Ci si aspettava che la CND prendesse in considerazione la possibilità di riprogrammare la cannabis nel marzo 2019 durante la sua riunione annuale, ma il ritardo nel ricevere le raccomandazioni ECDD potrebbe spingere tale considerazione nel 2020 per fornire ulteriore tempo agli stati membri di esaminarle.

La cannabis è attualmente inclusa nell’Allegato IV della Convenzione unica del 1961 sugli stupefacenti. Le sostanze in questo Programma sono particolarmente soggette ad abusi e alla produzione di effetti negativi e hanno un uso terapeutico scarso o nullo come fentanil, eroina e altri oppioidi considerati particolarmente pericolosi.

Il rapporto afferma che “l’uso di tutte queste sostanze è associato a un rischio significativo di morte, mentre l’uso di cannabis non è associato a tale rischio”.

La relazione raccomanda diverse modifiche al modo in cui è programmata la cannabis, che potrebbe avere implicazioni significative per l’industria della cannabis.

  • La programmazione della cannabis nelle convenzioni internazionali sul controllo delle droghe non sarebbe così restrittiva come lo è oggi, perché verrebbe rimossa dalla Tabella IV della Convenzione del 1961, la categoria riservata alle sostanze più pericolose.
  • Il THC in tutte le sue forme verrebbe rimosso dalla Convenzione del 1971 e collocato con la cannabis nell’Allegato I della Convenzione del 1961, semplificando significativamente la classificazione della cannabis.
  • I preparati puramente CBD e CBD contenenti non più dello 0,2% di THC non verrebbero inclusi in alcun modo nelle convenzioni internazionali sul controllo delle droghe.
  • I preparati farmaceutici contenenti delta -9-THC, se rispettano determinati criteri, verrebbero aggiunti al Programma III della Convenzione del 1961, riconoscendo l’improbabilità dell’abuso.

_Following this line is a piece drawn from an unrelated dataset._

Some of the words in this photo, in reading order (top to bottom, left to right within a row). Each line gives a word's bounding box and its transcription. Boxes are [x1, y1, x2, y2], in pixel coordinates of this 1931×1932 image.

ECCO LE PARTI DEL DOCUMENTO ANALIZZATE NEL DETTAGLIO – ANALISI ANCORA IN CORSO – IL TESTO PUO’ SUBIRE MODIFICHE

CANNABIS E RESINA

da cancellare dalla tabella IV della convenzione unica sugli stupefacenti del 1961.C

Il rapporto raccomanda che la cannabis e la resina di cannabis “siano cancellati dalla Tabella IV della Convenzione Unica sui Farmaci Narcotici (1961).”

La Tabella IV della Convenzione del 1961, la categoria più restrittiva, include sostanze pericolose con un valore medico estremamente limitato o nullo.

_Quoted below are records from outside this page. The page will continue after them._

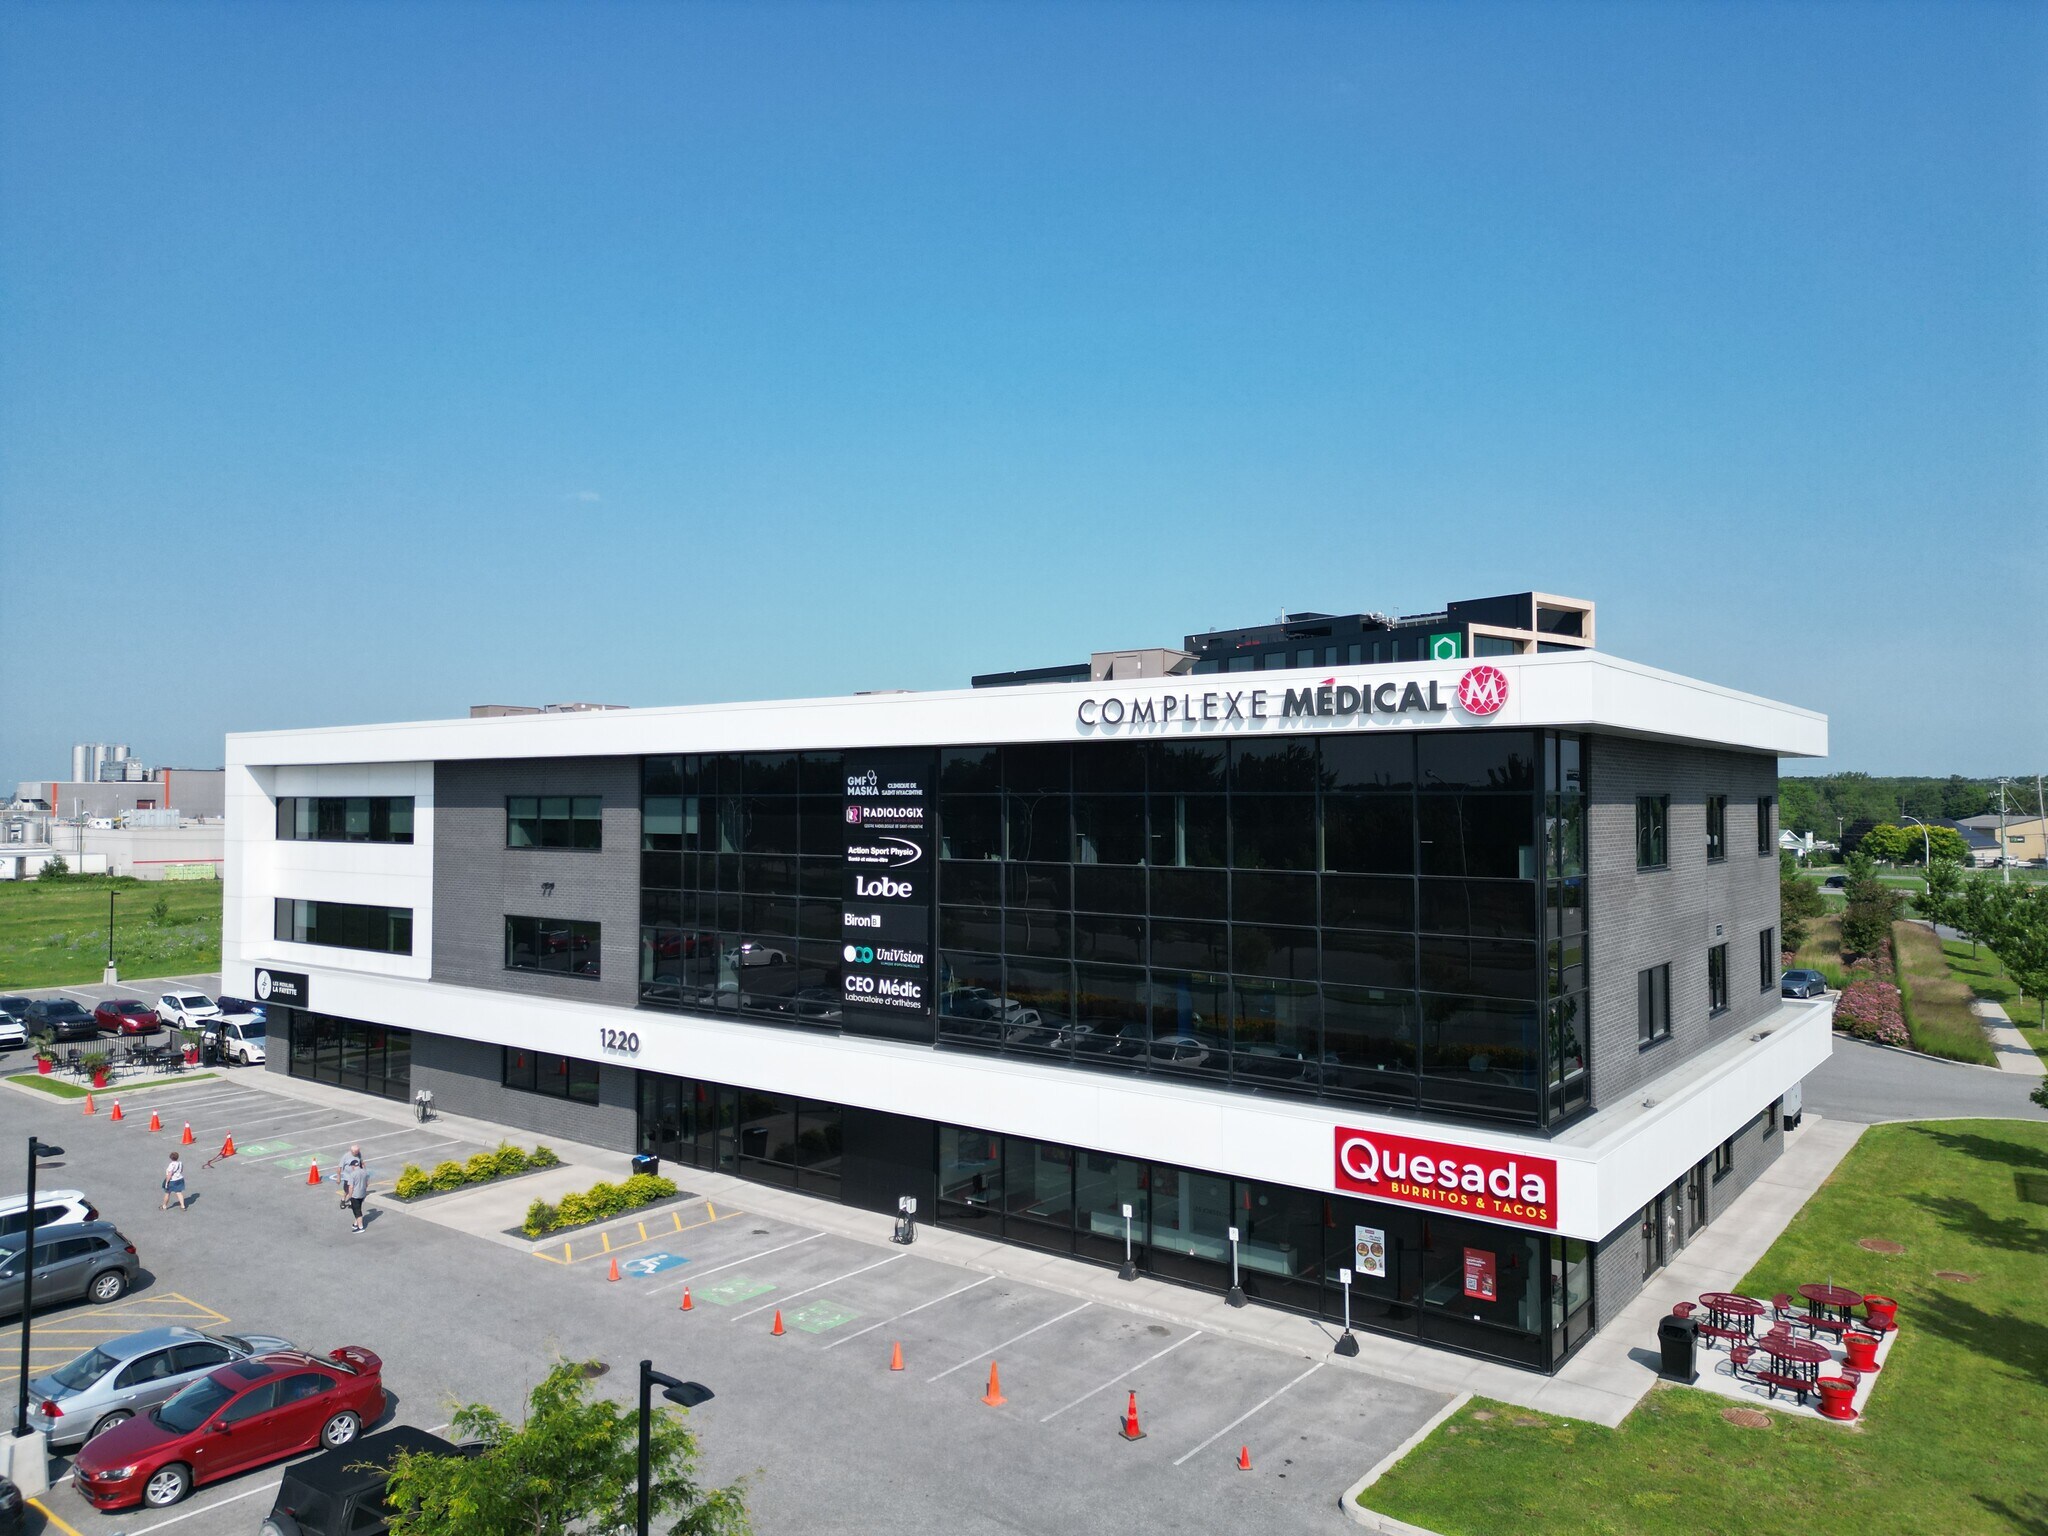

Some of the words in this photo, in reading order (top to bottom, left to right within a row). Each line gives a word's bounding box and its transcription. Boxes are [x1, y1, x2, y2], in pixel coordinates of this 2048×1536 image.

[1078, 690, 1267, 726] COMPLEXE
[1283, 677, 1447, 717] MÉDICAL
[847, 776, 867, 786] GMF
[847, 786, 879, 796] MASKA
[863, 807, 923, 818] RADIOLOGIX
[848, 846, 870, 854] Action
[870, 847, 889, 856] Sport
[890, 847, 914, 857] Physio
[856, 875, 913, 898] Lobe
[844, 913, 871, 927] Biron
[876, 948, 924, 964] UniVision
[845, 975, 874, 993] CEO
[878, 978, 921, 998] Médic
[845, 993, 884, 1004] Laboratoire
[884, 997, 921, 1009] d'orthèses
[600, 1028, 640, 1053] 1220
[1340, 1137, 1546, 1204] Quesada
[1391, 1181, 1468, 1206] BURRITOS
[1475, 1197, 1485, 1209] &
[1494, 1200, 1548, 1220] TACOS

Se questa raccomandazione viene seguita, la resina di cannabis e di cannabis rimarrebbe invece nella Tabella I.

Nel giustificare il cambiamento, l’ECDD ha osservato:

“Le prove presentate al comitato non indicavano che la pianta di cannabis e la resina di cannabis fossero particolarmente suscettibili di produrre effetti negativi simili agli effetti delle altre sostanze nella Tabella IV della Convenzione Unica sugli stupefacenti del 1961. Inoltre, i preparati di cannabis hanno mostrato un potenziale terapeutico per il trattamento del dolore e di altre condizioni mediche come l’epilessia e la spasticità associate alla sclerosi multipla. In linea con quanto sopra, la resina di cannabis e di cannabis dovrebbe essere programmata a un livello di controllo che prevenga i danni causati dall’uso di cannabis e allo stesso tempo non funga da barriera all’accesso e alla ricerca e sviluppo della preparazione correlata alla cannabis uso medico. “

Dronabinolo ( delta- 9 -THC)  e t etraidrocannabinolo (isomeri del delta -9-THC)

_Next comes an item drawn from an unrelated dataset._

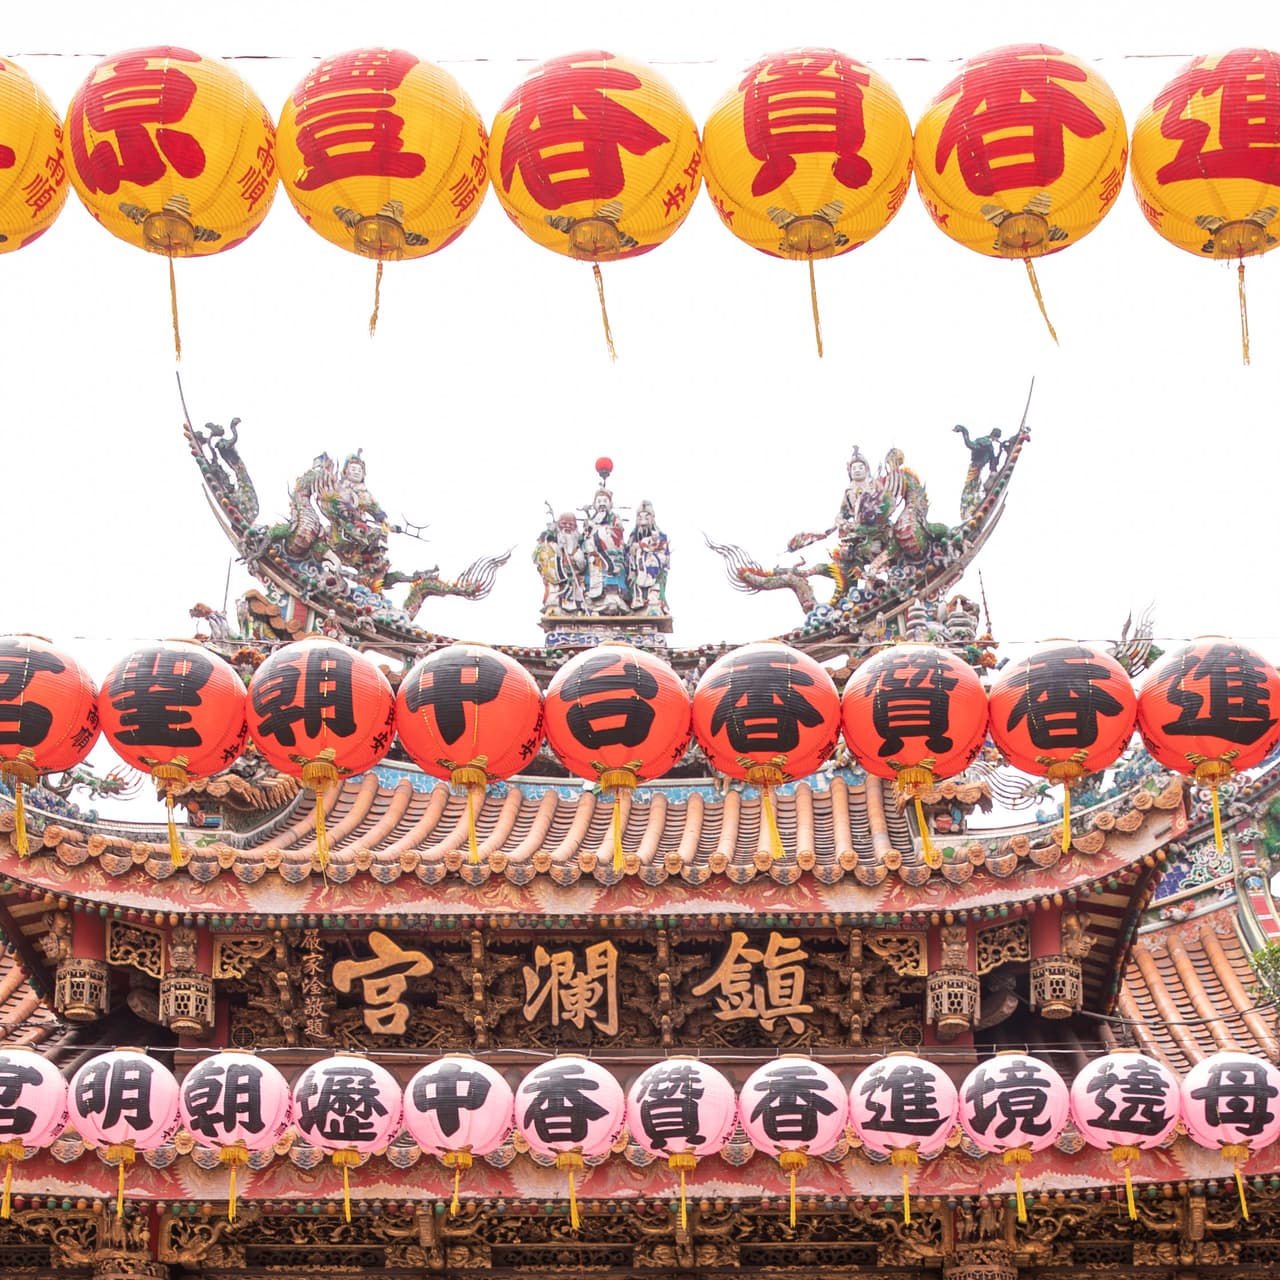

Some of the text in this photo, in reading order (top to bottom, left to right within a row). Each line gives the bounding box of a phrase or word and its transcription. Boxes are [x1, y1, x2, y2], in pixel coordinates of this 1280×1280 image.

Il rapporto raccomanda che dronabinolo e t etraidrocannabinolo (THC e suoi isomeri) siano  “cancellati dall’Allegato II della Convenzione sulle sostanze psicotrope (1971) e aggiunti all’Allegato I della Convenzione Unica sui Farmaci Narcotici (1961).”

Queste raccomandazioni semplificherebbero la programmazione, raggruppando tutte le forme di THC nella stessa categoria della resina di cannabis e cannabis.

I pericoli associati al THC sono simili a quelli della cannabis e della resina di cannabis, quindi sarebbe coerente averli tutti insieme nella stessa categoria, ha osservato il rapporto.

Il rapporto paragona la riclassificazione alla cocaina nella stessa categoria della foglia di coca e della morfina nella stessa categoria dell’oppio.

Nel caso degli isomeri del delta-9-tetraidrocannabinolo, anche la mossa semplificherebbe e porterebbe coerenza.

“A causa della somiglianza chimica di ciascuno dei sei isomeri con delta- 9 -THC, è molto difficile differenziare uno qualsiasi di questi sei isomeri dal delta- 9 -THC usando metodi standard di analisi chimica”, dice il rapporto.

Estratti e tinture di cannabis

Il rapporto raccomanda che estratti e tinture di cannabis vengano “cancellati dall’Allegato I della Convenzione Unica sui Farmaci Narcotici (1961)”.

Il comitato ha raccomandato di eliminare questa categoria dalla Convenzione del 1961 perché gli estratti e le tinture di causa comprendono ” preparati duniversi con una concentrazione variabile di delta -9 THC”, alcuni sono non psicoattivi e con “promettenti applicazioni terapeutiche”.

Preparazioni di cannabidiolo (CBD)

L’ECDD ha finalizzato in precedenza la revisione critica del CBD puro, raccomandando che non fosse programmato nell’ambito delle convenzioni sul controllo.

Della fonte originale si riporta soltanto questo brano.